Police also found IEDs (improvised explosive devices, or homemade bombs), attached to cars near the site of the attacks. UPDATE: Authorities later clarified that two bombs had been found in a single car.
“It is clear that this is one of New Zealand’s darkest days”, Prime Minister Jacinda Ardern said in a statement following the attacks. Although she was unable to confirm the number of casualties, local media reported that at least 40 people were killed, and at least 50 people wounded. “Clearly, what has happened here is an extraordinary and unprecedented act of violence”, the Prime Minister said.
Authorities said that four people – three men and one woman – were in custody in connection with the shooting. One person, a 28-year-old man, has already been charged with murder; while police are continuing to investigate whether the other people arrested were in fact involved. The Australian man, whose name has not been released, had posted a racist, anti-immigrant manifesto on social media prior to the shootings, and afterwards apparently posted video footage of the attack. Police have urged people not to share the violent and disturbing footage, and Facebook and other social media companies have been working to remove the videos, as well as any comments in support of the attacks.
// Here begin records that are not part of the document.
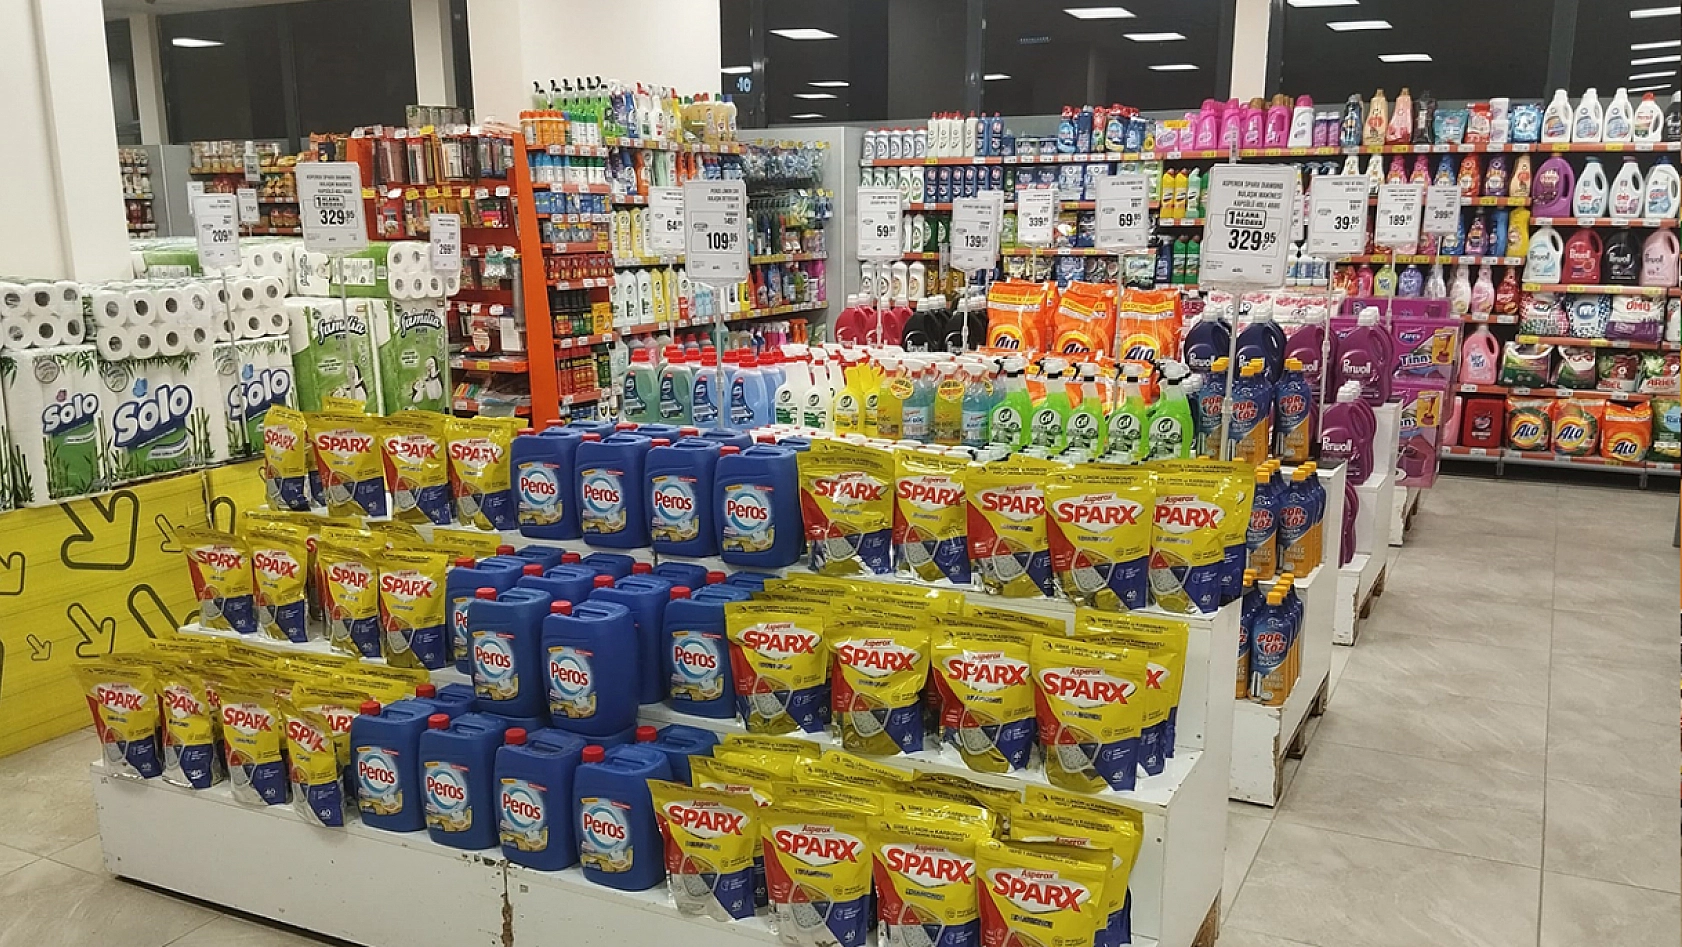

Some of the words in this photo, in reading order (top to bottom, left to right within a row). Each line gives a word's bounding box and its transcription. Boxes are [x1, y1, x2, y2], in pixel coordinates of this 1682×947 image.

[1229, 211, 1235, 224] 1
[318, 316, 366, 345] famlia
[401, 308, 442, 338] familia
[1342, 360, 1371, 375] Perwoll
[229, 368, 290, 418] Solo
[44, 394, 98, 432] Solo
[115, 386, 192, 446] Solo
[318, 435, 373, 454] SPARX
[1322, 437, 1351, 452] Perwoll
[520, 477, 556, 495] Peros
[584, 484, 619, 502] Peros
[815, 480, 882, 500] SPARX
[899, 481, 966, 506] SPARX
[654, 491, 692, 510] Peros
[727, 500, 768, 520] Peros
[1083, 494, 1113, 503] Asperox
[1058, 503, 1137, 525] SPARX
[1154, 507, 1218, 529] PARX
[197, 550, 241, 569] SPARX
[254, 554, 298, 578] SPARX
[331, 567, 369, 588] SPAR
[382, 577, 431, 598] SPARX
[744, 630, 816, 654] SPARX
[475, 646, 510, 669] Peros
[674, 646, 716, 669] Peros
[839, 645, 916, 672] SPARX
[551, 662, 588, 685] Peros
[948, 660, 1027, 685] SPARX
[97, 688, 142, 710] SPARX
[1043, 673, 1128, 704] SPARX
[224, 708, 272, 732] SPARX
[359, 762, 395, 784] Peros
[427, 776, 464, 800] Peros
[503, 793, 541, 820] Peros
[584, 812, 625, 840] Peros
[670, 806, 743, 836] SPARX
[775, 831, 858, 862] SPARX
[887, 848, 973, 884] SPARX
[1021, 870, 1054, 879] Asperox
[993, 872, 1084, 912] SPARX
"New Zealand is an ethnically diverse country", Webber said, "which has always practised tolerance for all races, cultures and religions. We are a welcoming, peaceful and compassionate nation who today have been shocked to our very core that such hatred has come to our shores". She said, "Every Kiwi is offering their compassion, support and love to those suffering from this horrific crime".
Catholic Bishops express solidarity
Following the attack, the Catholic Bishops of New Zealand addressed a message to members of the Muslim community in New Zealand:
“We hold you in prayer as we hear the terrible news of violence against Muslims in mosques in Christchurch. We are profoundly aware of the positive relationships we have with Islamic people in this land, and we are particularly horrified that this has happened at a place and time of prayer. We are deeply saddened that people have been killed and injured, and our hearts go out to them, their families and wider community. We wish you to be aware of our solidarity with you in the face of such violence.”
The message concludes, “Peace, Salaam”, and is signed by all five Catholic Bishops of New Zealand.